Collegamento ferroviario tra Gorizia e Nova Gorica, Fasiolo insiste: "Ora servono tempi scritti"
La consigliera regionale Pd torna sul progetto della lunetta transfrontaliera e chiede un calendario ufficiale dopo anni di rinvii.
Più che nuove dichiarazioni, a Gorizia si aspettano date. È su questo punto che Laura Fasiolo torna a intervenire sul progetto della lunetta ferroviaria tra Gorizia e Nova Gorica, chiedendo che alle ultime aperture segua finalmente un cronoprogramma definito.
La consigliera regionale del Partito democratico segue il dossier da anni e, dopo i segnali che indicano una possibile partenza del cantiere nel 2026, sollecita un passaggio formale: tempi verificabili, scadenze chiare e un percorso nero su bianco per un'opera considerata decisiva nell'area di confine.
Il nodo non sono più gli annunci
L'intervento arriva dopo quanto rilanciato dal sindaco Rodolfo Ziberna e dopo le parole attribuite alla nuova presidente di Rfi, Paola Firmi, che secondo Fasiolo rappresentano un elemento politico e istituzionale da non lasciare nel campo delle intenzioni.

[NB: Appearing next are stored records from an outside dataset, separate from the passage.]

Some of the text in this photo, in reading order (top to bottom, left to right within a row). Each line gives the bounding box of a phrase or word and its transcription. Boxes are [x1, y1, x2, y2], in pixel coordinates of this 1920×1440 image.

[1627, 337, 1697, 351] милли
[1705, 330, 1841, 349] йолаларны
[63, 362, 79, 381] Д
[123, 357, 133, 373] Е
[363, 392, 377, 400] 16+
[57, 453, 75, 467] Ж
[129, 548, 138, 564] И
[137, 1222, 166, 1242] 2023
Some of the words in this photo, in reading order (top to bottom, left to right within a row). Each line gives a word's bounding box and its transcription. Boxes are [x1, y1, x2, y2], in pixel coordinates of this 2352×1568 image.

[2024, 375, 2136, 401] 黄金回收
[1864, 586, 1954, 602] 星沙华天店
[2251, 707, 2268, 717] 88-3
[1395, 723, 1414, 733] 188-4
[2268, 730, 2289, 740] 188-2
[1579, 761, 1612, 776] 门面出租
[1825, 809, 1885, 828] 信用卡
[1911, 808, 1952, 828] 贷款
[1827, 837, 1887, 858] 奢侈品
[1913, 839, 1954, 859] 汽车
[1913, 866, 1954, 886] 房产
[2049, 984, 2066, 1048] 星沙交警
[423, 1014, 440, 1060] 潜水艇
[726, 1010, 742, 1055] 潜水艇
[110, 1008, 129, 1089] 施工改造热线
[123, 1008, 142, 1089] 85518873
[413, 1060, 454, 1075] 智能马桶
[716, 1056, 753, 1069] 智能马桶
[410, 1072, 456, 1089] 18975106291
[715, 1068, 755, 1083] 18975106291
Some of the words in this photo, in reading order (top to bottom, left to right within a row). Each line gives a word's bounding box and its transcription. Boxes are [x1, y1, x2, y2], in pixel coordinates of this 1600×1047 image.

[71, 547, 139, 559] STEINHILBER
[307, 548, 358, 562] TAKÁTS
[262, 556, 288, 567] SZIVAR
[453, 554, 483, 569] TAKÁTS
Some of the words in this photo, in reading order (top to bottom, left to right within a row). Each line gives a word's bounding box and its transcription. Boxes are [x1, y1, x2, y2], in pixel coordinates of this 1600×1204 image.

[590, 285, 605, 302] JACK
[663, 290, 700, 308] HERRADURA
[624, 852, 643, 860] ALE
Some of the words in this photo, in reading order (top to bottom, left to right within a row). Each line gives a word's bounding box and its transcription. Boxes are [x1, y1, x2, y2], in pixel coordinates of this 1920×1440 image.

Per la consigliera, il tema non è più capire se il collegamento sia utile, ma verificare quando si passerà davvero alla fase operativa. Da qui la richiesta di una tabella precisa dei passaggi necessari all'apertura del cantiere.
Un progetto in attesa da quasi dieci anni
Fasiolo richiama una vicenda lunga, che si trascina dal 2016 nonostante l'approvazione dell'opera risalga agli anni del ministro Graziano Delrio e le risorse siano già disponibili da tempo. Il punto critico, nella sua lettura, è proprio la distanza tra atti già compiuti e realizzazione concreta.
Nel suo intervento parla di ritardi pesanti e difficili da giustificare, sottolineando come il territorio abbia già atteso a lungo un'infrastruttura che dovrebbe rafforzare i collegamenti tra Italia e Slovenia.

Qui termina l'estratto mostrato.